▸ **Data to use**:

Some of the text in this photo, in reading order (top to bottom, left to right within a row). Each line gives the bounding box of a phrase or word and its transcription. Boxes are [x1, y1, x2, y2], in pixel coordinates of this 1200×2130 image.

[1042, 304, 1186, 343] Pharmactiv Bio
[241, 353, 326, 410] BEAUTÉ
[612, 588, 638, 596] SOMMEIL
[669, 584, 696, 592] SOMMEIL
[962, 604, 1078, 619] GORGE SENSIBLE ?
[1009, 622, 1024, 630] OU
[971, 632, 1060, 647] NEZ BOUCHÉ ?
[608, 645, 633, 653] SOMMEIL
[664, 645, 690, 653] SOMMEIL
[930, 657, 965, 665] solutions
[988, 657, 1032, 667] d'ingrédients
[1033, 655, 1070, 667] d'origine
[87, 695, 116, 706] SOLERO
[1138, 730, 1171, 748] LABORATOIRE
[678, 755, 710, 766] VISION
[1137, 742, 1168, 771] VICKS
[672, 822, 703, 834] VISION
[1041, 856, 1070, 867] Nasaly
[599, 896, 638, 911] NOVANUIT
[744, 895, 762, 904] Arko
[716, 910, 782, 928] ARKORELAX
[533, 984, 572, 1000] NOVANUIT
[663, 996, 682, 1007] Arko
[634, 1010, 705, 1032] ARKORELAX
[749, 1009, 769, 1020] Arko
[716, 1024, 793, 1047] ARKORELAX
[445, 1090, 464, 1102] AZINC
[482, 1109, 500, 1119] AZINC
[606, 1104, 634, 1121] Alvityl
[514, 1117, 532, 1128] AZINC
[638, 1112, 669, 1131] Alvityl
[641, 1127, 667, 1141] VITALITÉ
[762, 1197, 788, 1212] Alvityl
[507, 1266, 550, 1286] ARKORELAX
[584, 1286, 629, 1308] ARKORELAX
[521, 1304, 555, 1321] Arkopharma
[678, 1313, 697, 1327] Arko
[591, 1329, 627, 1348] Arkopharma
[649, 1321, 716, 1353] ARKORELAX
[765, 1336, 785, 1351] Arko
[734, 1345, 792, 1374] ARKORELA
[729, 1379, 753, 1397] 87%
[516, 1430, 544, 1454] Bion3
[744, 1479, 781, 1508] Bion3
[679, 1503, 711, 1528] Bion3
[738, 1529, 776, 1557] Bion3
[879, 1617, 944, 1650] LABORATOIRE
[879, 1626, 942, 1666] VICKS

▸ **Directions for this task**:
Please return all of the entries exactly as they were given.

▸ **Finished exercise**:
Some of the text in this photo, in reading order (top to bottom, left to right within a row). Each line gives the bounding box of a phrase or word and its transcription. Boxes are [x1, y1, x2, y2], in pixel coordinates of this 1200×2130 image.

[1042, 304, 1186, 343] Pharmactiv Bio
[241, 353, 326, 410] BEAUTÉ
[612, 588, 638, 596] SOMMEIL
[669, 584, 696, 592] SOMMEIL
[962, 604, 1078, 619] GORGE SENSIBLE ?
[1009, 622, 1024, 630] OU
[971, 632, 1060, 647] NEZ BOUCHÉ ?
[608, 645, 633, 653] SOMMEIL
[664, 645, 690, 653] SOMMEIL
[930, 657, 965, 665] solutions
[988, 657, 1032, 667] d'ingrédients
[1033, 655, 1070, 667] d'origine
[87, 695, 116, 706] SOLERO
[1138, 730, 1171, 748] LABORATOIRE
[678, 755, 710, 766] VISION
[1137, 742, 1168, 771] VICKS
[672, 822, 703, 834] VISION
[1041, 856, 1070, 867] Nasaly
[599, 896, 638, 911] NOVANUIT
[744, 895, 762, 904] Arko
[716, 910, 782, 928] ARKORELAX
[533, 984, 572, 1000] NOVANUIT
[663, 996, 682, 1007] Arko
[634, 1010, 705, 1032] ARKORELAX
[749, 1009, 769, 1020] Arko
[716, 1024, 793, 1047] ARKORELAX
[445, 1090, 464, 1102] AZINC
[482, 1109, 500, 1119] AZINC
[606, 1104, 634, 1121] Alvityl
[514, 1117, 532, 1128] AZINC
[638, 1112, 669, 1131] Alvityl
[641, 1127, 667, 1141] VITALITÉ
[762, 1197, 788, 1212] Alvityl
[507, 1266, 550, 1286] ARKORELAX
[584, 1286, 629, 1308] ARKORELAX
[521, 1304, 555, 1321] Arkopharma
[678, 1313, 697, 1327] Arko
[591, 1329, 627, 1348] Arkopharma
[649, 1321, 716, 1353] ARKORELAX
[765, 1336, 785, 1351] Arko
[734, 1345, 792, 1374] ARKORELA
[729, 1379, 753, 1397] 87%
[516, 1430, 544, 1454] Bion3
[744, 1479, 781, 1508] Bion3
[679, 1503, 711, 1528] Bion3
[738, 1529, 776, 1557] Bion3
[879, 1617, 944, 1650] LABORATOIRE
[879, 1626, 942, 1666] VICKS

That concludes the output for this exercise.